# Brick 1: Constants and Setup
Here we define the rules of the game.
- **0** means Cooperate.
- **1** means Defect.
- We also define the **Payoff Matrix** (the points we get).

In [None]:
!pip install gymnasium==1.1.1 moviepy==1.0.3

In [1]:
import gymnasium as gym
import numpy as np
import random

# 1. Define Actions for readability
COOPERATE = 0
DEFECT = 1

# 2. Define Rewards (Points for the Agent)
# Format: (Agent Action, Opponent Action): Reward
PAYOFF_MATRIX = {
    (COOPERATE, COOPERATE): 3, # Reward
    (COOPERATE, DEFECT):    0, # Sucker
    (DEFECT, COOPERATE):    5, # Temptation
    (DEFECT, DEFECT):       1, # Punishment
}

print("Setup Complete! Actions and Rewards defined.")

Setup Complete! Actions and Rewards defined.
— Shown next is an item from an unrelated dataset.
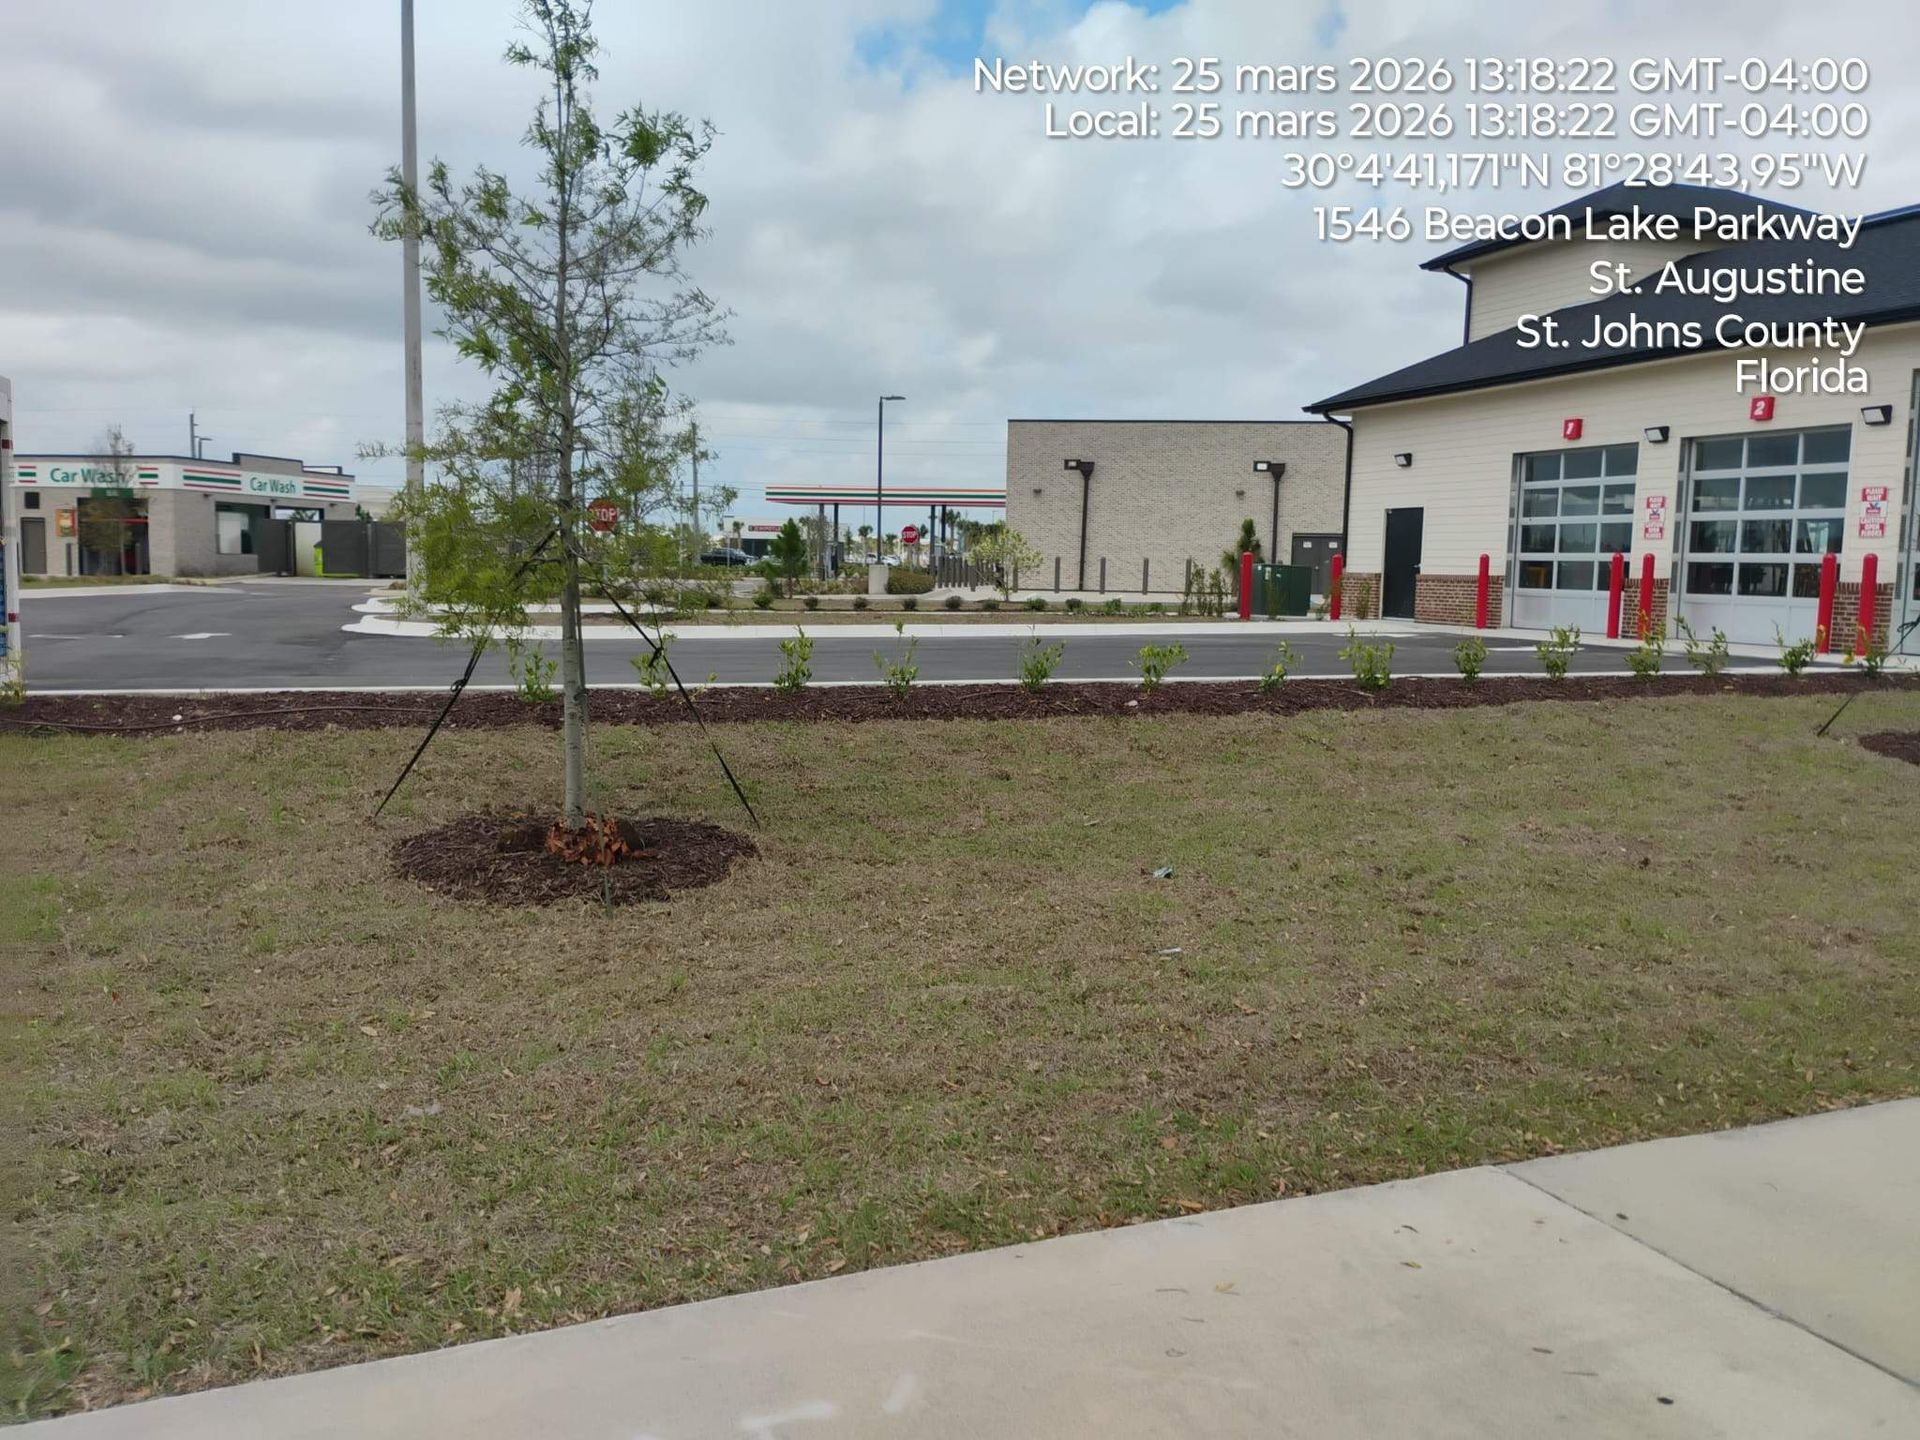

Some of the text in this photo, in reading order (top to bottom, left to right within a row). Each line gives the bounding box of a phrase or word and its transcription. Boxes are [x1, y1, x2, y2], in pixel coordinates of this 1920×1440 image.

# Brick 2: Opponent Strategies
This function decides the opponent's move based on the history of the game.
- **ALL_C**: Always nice.
- **ALL_D**: Always mean.
- **TFT (Tit-for-Tat)**: Copies your last move.
- **Imperfect TFT**: Copies your move 90% of the time, messes up 10% of the time.

In [2]:
def get_opponent_action(strategy, history):
    """
    Decides the opponent's move.
    history: A list of tuples, e.g., [(my_move, their_move), (my_move, their_move)]
    """

    # Strategy 1: Always Cooperate
    if strategy == "ALL_C":
        return COOPERATE

    # Strategy 2: Always Defect
    if strategy == "ALL_D":
        return DEFECT

    # Strategy 3: Tit-for-Tat (Copy my last move)
    if strategy == "TFT":
        if len(history) == 0:
            return COOPERATE # TFT starts nice

        # Look at the last round (index -1).
        # In history (my_move, opp_move), my_move is at index 0.
        my_last_move = history[-1][0]
        return my_last_move

    # Strategy 4: Imperfect Tit-for-Tat (10% chance of error)
    if strategy == "IMPERFECT_TFT":
        if len(history) == 0:
            return COOPERATE # Start nice

        # Calculate what standard TFT would do
        my_last_move = history[-1][0]
        intended_action = my_last_move

        # 10% chance to flip the action (Slip)
        if random.random() < 0.10:
            # Return the opposite (0 becomes 1, 1 becomes 0)
            return 1 - intended_action
        else:
            return intended_action

    return COOPERATE # Default fallback

# Brick 3: The Game Environment (The Class)
This class puts everything together.
- **__init__**: Sets up the game options (Opponent type, Memory length).
- **step**: Plays one round (Agent moves -> Opponent moves -> Calculate Score -> Update History).
- **reset**: Wipes the memory clean to start a new game.

In [3]:
class PrisonerDilemmaEnv(gym.Env):
    def __init__(self, opponent_strategy, memory_length=1):
        super().__init__()
        self.opponent_strategy = opponent_strategy
        self.memory_length = memory_length

        # Define Action Space (0 or 1)
        self.action_space = gym.spaces.Discrete(2)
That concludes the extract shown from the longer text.